Taxpayer fund that buys retirement presents for Kelowna’s metropolis staff working dry |  Information

More taxpayer money is needed to buy retirement gifts for City of Kelowna employees, municipal managers say.

A proposal to boost funding for the gifts by 50% is contained on page 256 of the 500 page provisional 2022 municipal budget to be considered by councillors on Thursday.

Asked Tuesday if he supported using more taxpayer money to buy retirement gifts or provide cash bonuses to workers leaving the city’s employment, Kelowna Mayor Colin Basran responded: “You’ll find out on budget day. I’m sure you have an editorial in mind if I do.”

Money currently allocated for the retirement presents or cash gifts, which are in addition to pensions and end-of-career payments for such things as unused vacation, isn’t sufficient because so many city workers are retiring, city councillors will be told Thursday.

“The city recognizes the dedication of public service careers with staff through the provision of a retirement gift at the end of career,” the proposed budget item states. “Due to the increase in volume of staff retirement driven by current age demographics, this program has been consistently over budget the past two years.”

Currently, $14,500, all funded by taxation, is used to buy the retirement gifts or provide cash bonuses to retiring employees. The proposal is to boost the amount for gift-buying or cash bonuses to $21,500.

The City of Kelowna had approximately 950 full-time employees last December and the 2022 budget proposes the hiring of 47 more people. From 2018 through 2020, an average of 30 city workers retired each year. This year, 47 have or will retire.

Currently, the city’s retirement gift policy provides a present or a cash bonus for any worker who leaves after a minimum of five years’ employment.

The cash bonus or value of the retirement gift is based on a scale of $25 for each year spent working for the city. So an employee who leaves after 20 years could choose to take a $500 payment or a gift of that value, selected from a catalogue.

The proposal to increase taxpayer funding for the retirement gift program would not increase the value of the present or the cash bonus given to a departing employee. Rather, it would ensure the funds aren’t taken from other city areas.

“This is just to help fund the increase in the retirees that comes from both the city growing over the years as well as a recent increase in the percentage of people retiring,” Human Resources director Stu Leatherdale said.

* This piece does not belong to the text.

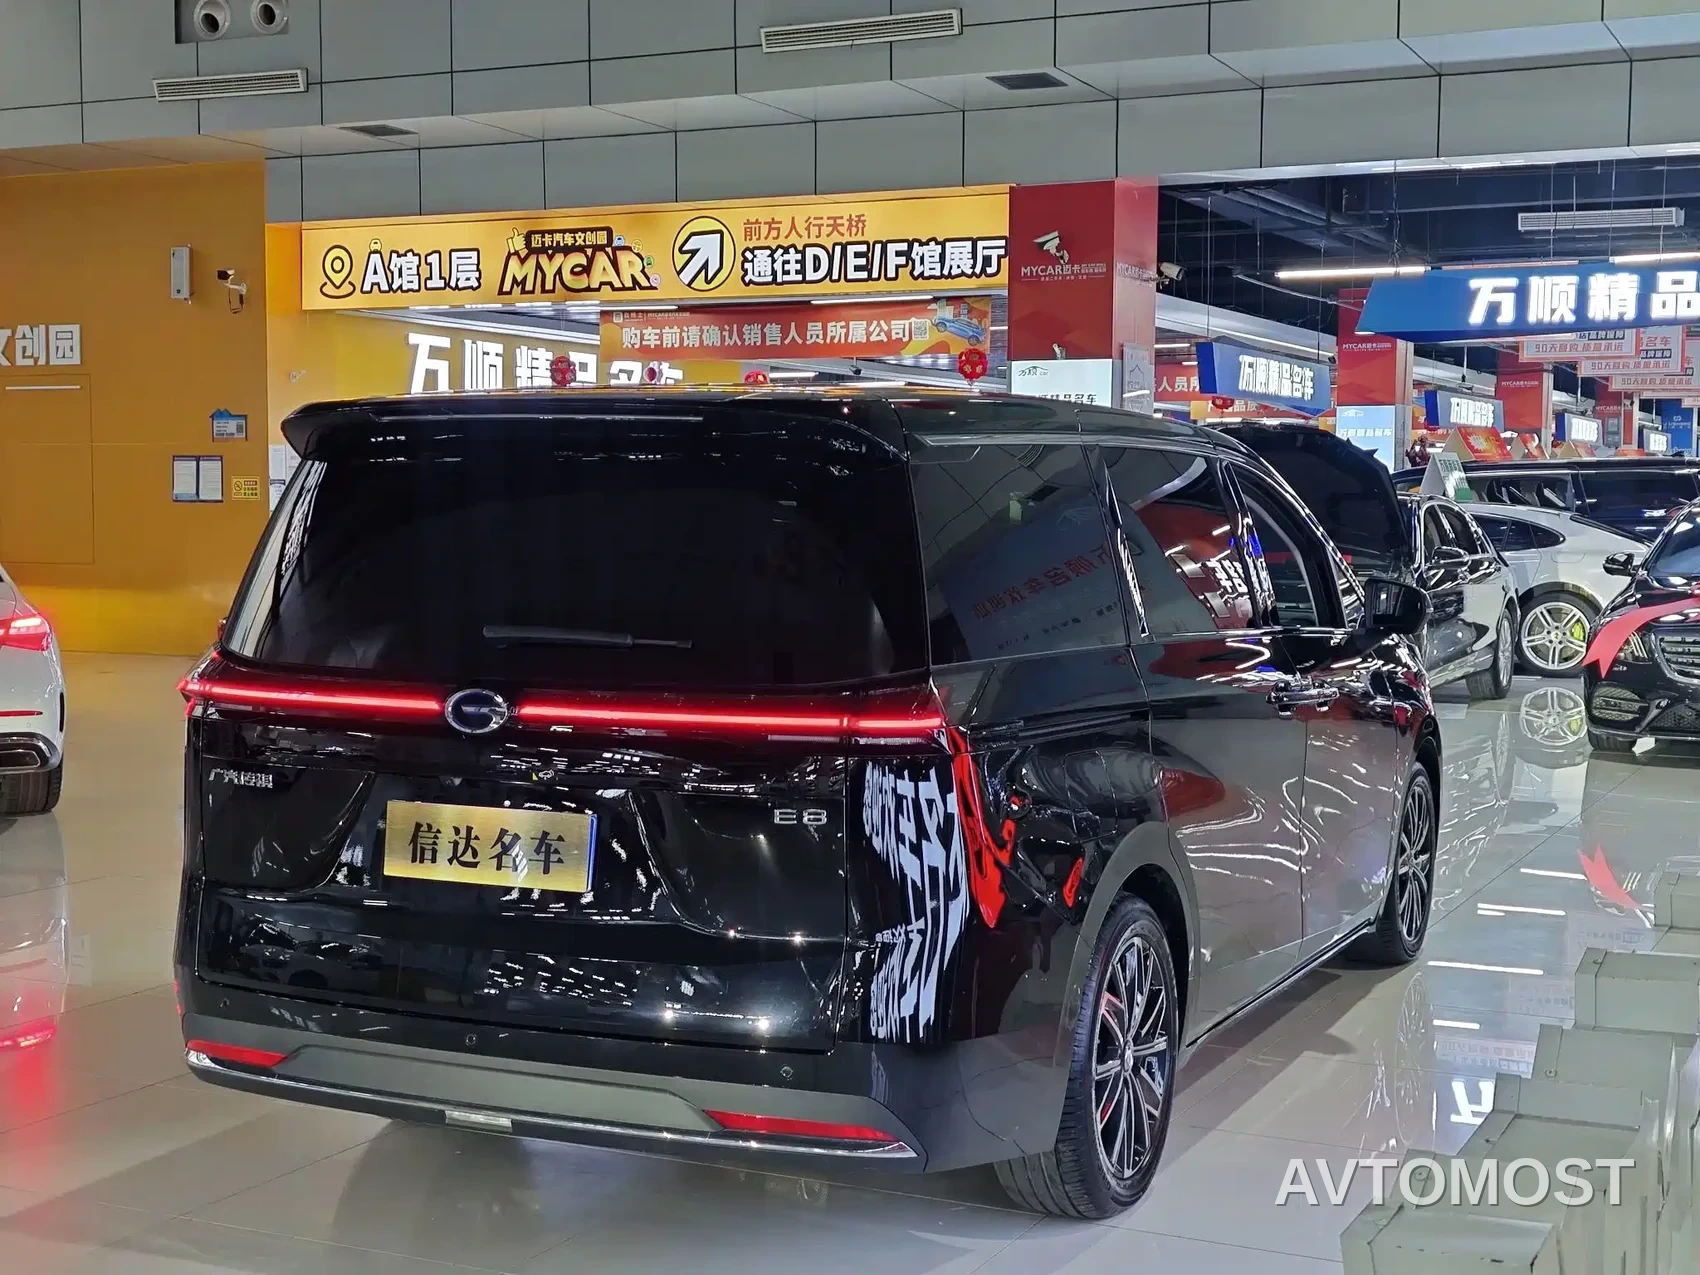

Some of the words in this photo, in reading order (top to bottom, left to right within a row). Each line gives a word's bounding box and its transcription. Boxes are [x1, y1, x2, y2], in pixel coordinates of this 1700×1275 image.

“The budget has not increased in the 10 years that I’ve been HR director, neither the total budget nor the $25 per year, per person (value of the gift or retirement cash bonus),” he said.

Increasing taxpayer funding for the retirement gift program from $14,500 to $21,500 is listed in the budget as a Priority 2 item, which means it would require a proposal from a city councilor to add it to the main budget.